Dalla Danimarca alla Gran Bretagna, magari atterrando nel nuovo Terminal 5 dello scalo londinese di Heathrow. Gli aeroporti non cessano di essere luoghi di sperimentazioni. Ricordate il progetto di ricerca European Social Research Council che dovrebbe monitorare per 12 mesi l’esistenza di viaggiatori e personale? In letteratura in esperimento simile è già concreto. È appena uscito in Italia, per l’editore Guanda, Una settimana all’aereoporto di Alain de Botton. Lo scrittore, rispondendo ad un appello della British Airways, è stato writer in residence proprio ad Heathrow, raccontando la quotidianità della realtà aeroportuale. Perché tanto interesse? De Botton ritiene che parte del fascino risieda, tra gli altri fattori, nell’essere un luogo per sua natura filmico ed estremamente teatrale.

Animali in gabbia negli allevamenti intensivi

Tema caldo è stato anche quello della sensibilità animalista tradotta nella conversione ad un’alimentazione meat free. Dopo la giornata a sostegno di un regime nutritivo privo di sostanze animali, tocca al saggio di Jonathan Safran Foer: Se niente importa. Perché mangiamo gli animali? Estremamente critico nei confronti dell’allevamento intensivo del bestiame, lo scrittore ne illustra le gravi conseguenze non solo in termini di inquinamento globale e sofferenza degli animali, ma anche in riferimento alle patologie legate all’uso massiccio di farmaci in questo settore. Dietro ad un disturbo intestinale ci sarebbe infatti, sempre più spesso, non un tradizionale virus influenzale, ma un’infezione dovuta all’incapacità dell’organismo umano di difendesi da forme virali indotte dai medicinali somministrati alle povere bestie destinate al macello. È un caso che la malattia più temuta dell’anno non avesse, come usuale, un nome allusivo all’area di provenienza, ma ad una succulenta porchetta?

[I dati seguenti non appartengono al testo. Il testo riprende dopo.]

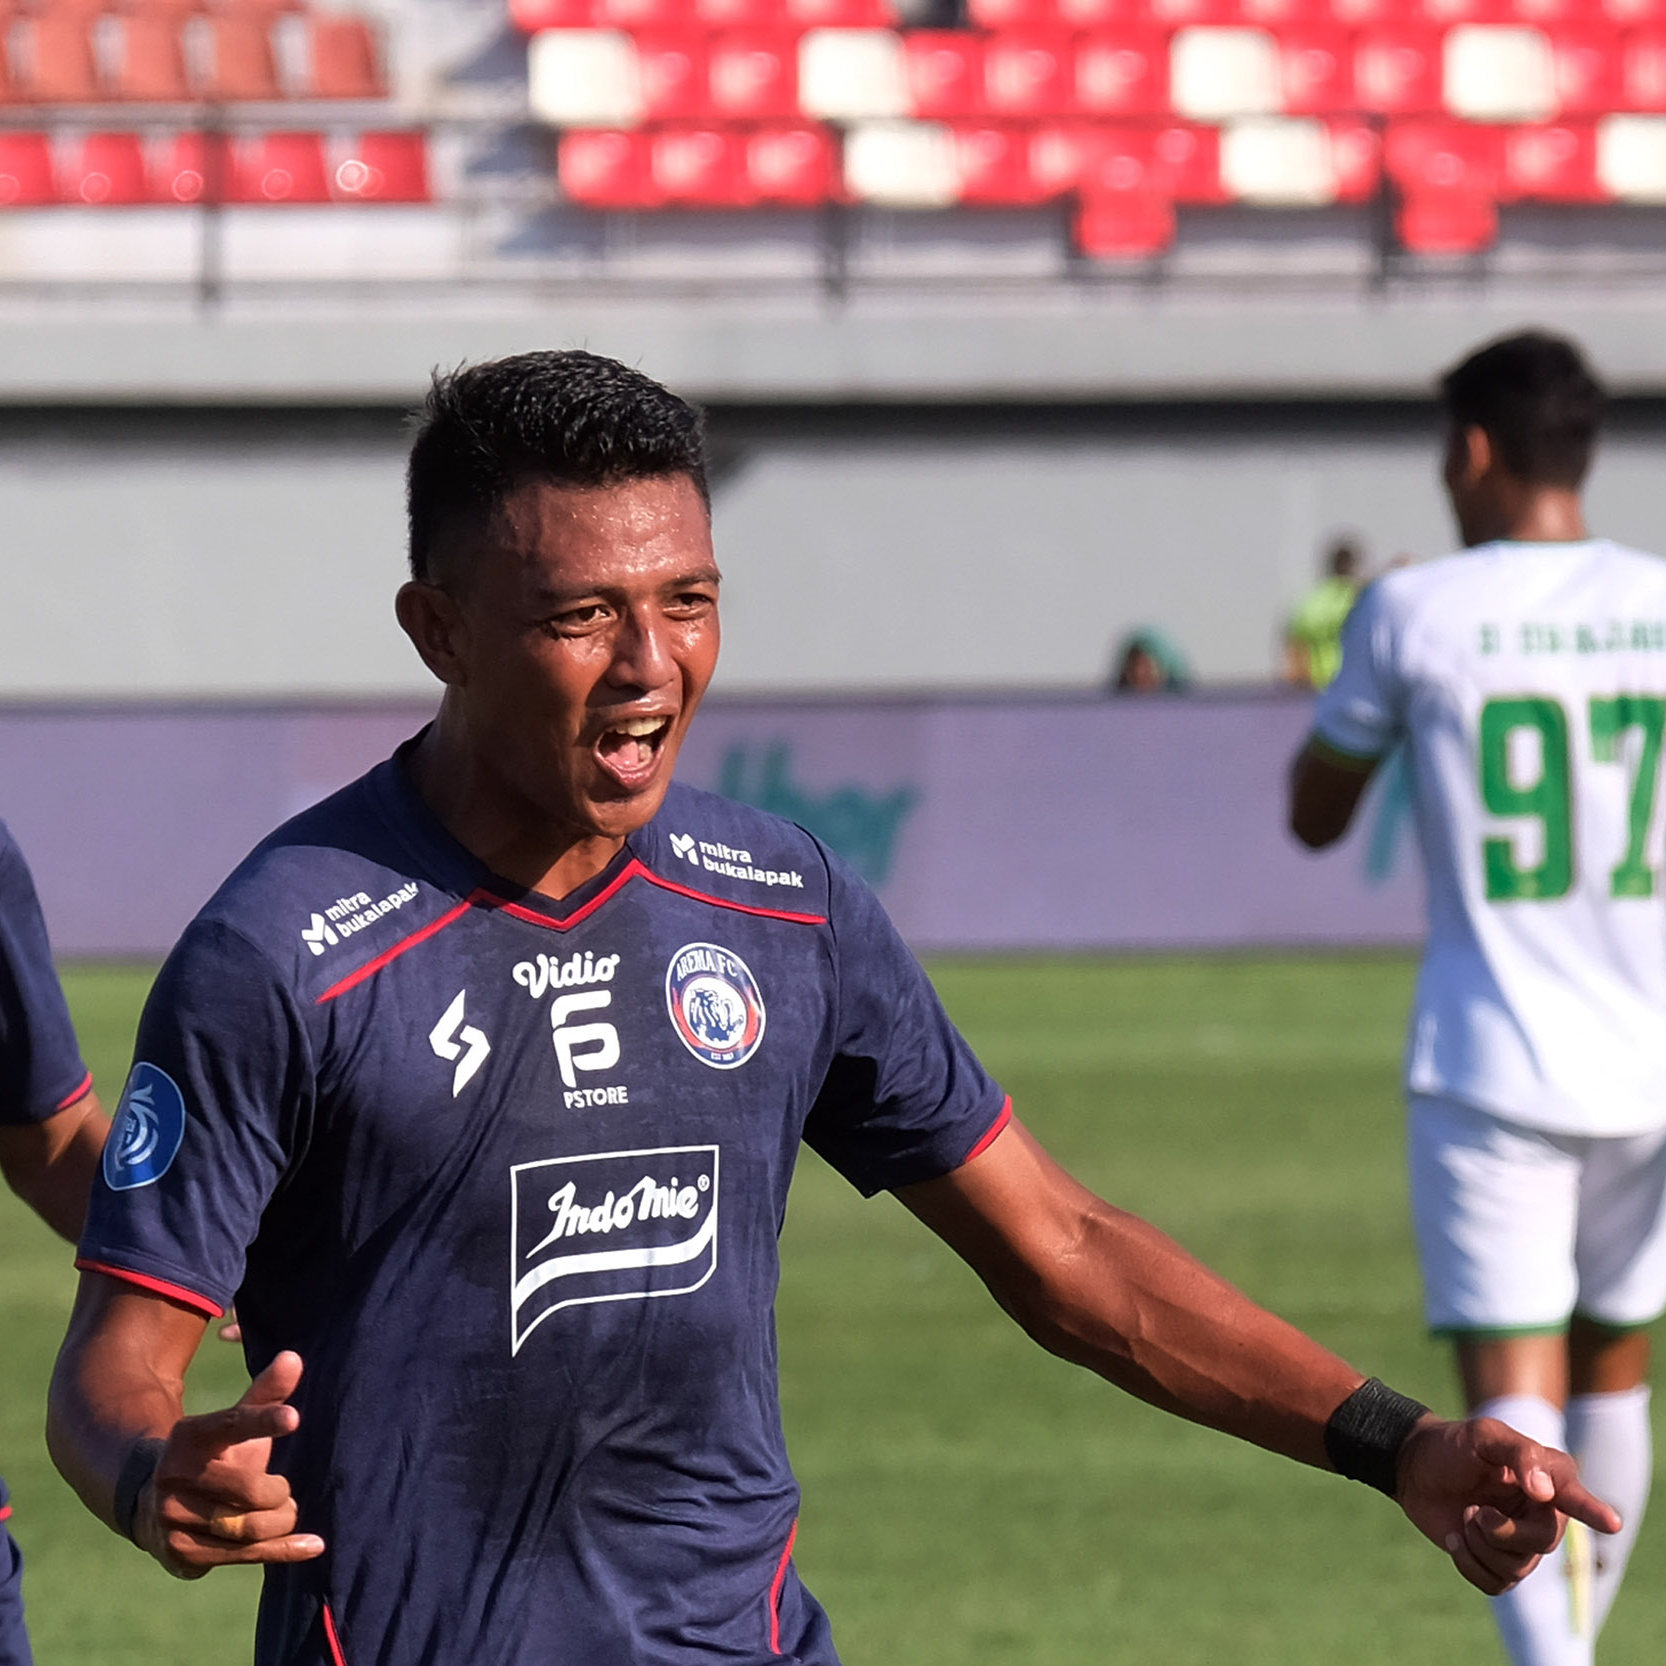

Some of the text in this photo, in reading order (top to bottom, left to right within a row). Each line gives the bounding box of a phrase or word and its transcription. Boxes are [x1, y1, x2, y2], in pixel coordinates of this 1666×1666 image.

Chiusura di rubrica con una delle ultime proposte del ministro Mariastella Gelmini che, dopo i fatti che hanno coinvolto la comunità di immigrati di via Padova a Milano, ha riciclato dal settore scolastico una possibile soluzione: quote e tetti non solo per i bambini stranieri nelle classi scolastiche, ma anche per gli extra comunitari nei rioni cittadini. L’obiettivo sarebbe, stando alle sue dichiarazioni, “evitare la concentrazione di troppi immigrati in un singolo quartiere”, fenomeno che “rende difficile garantire la sicurezza e l’ordine pubblico”. Da tali affermazioni pare che il ministro, inconsapevole dell’esistenza di atavici casi di zone difficili come Scampia a Napoli, Laurentino 38 o Tor Bella Monaca a Roma, lo ZEN a Palermo, Quartuggiaro a Milano, Paolo VI a Taranto (solo per citare i più noti), colleghi il problema della mancanza di sicurezza e della scarsa efficacia delle forze dell’ordine esclusivamente all’aumento dell’immigrazione nell’ultimo decennio. Discutibile. Ma se proprio lo si vuol credere che si continui poi a lavorare, magari per mettere sulle teste degli stranieri dei tetti non numerici, ma fisici, di appartamenti dignitosi e senza infiltrazioni dai soffitti.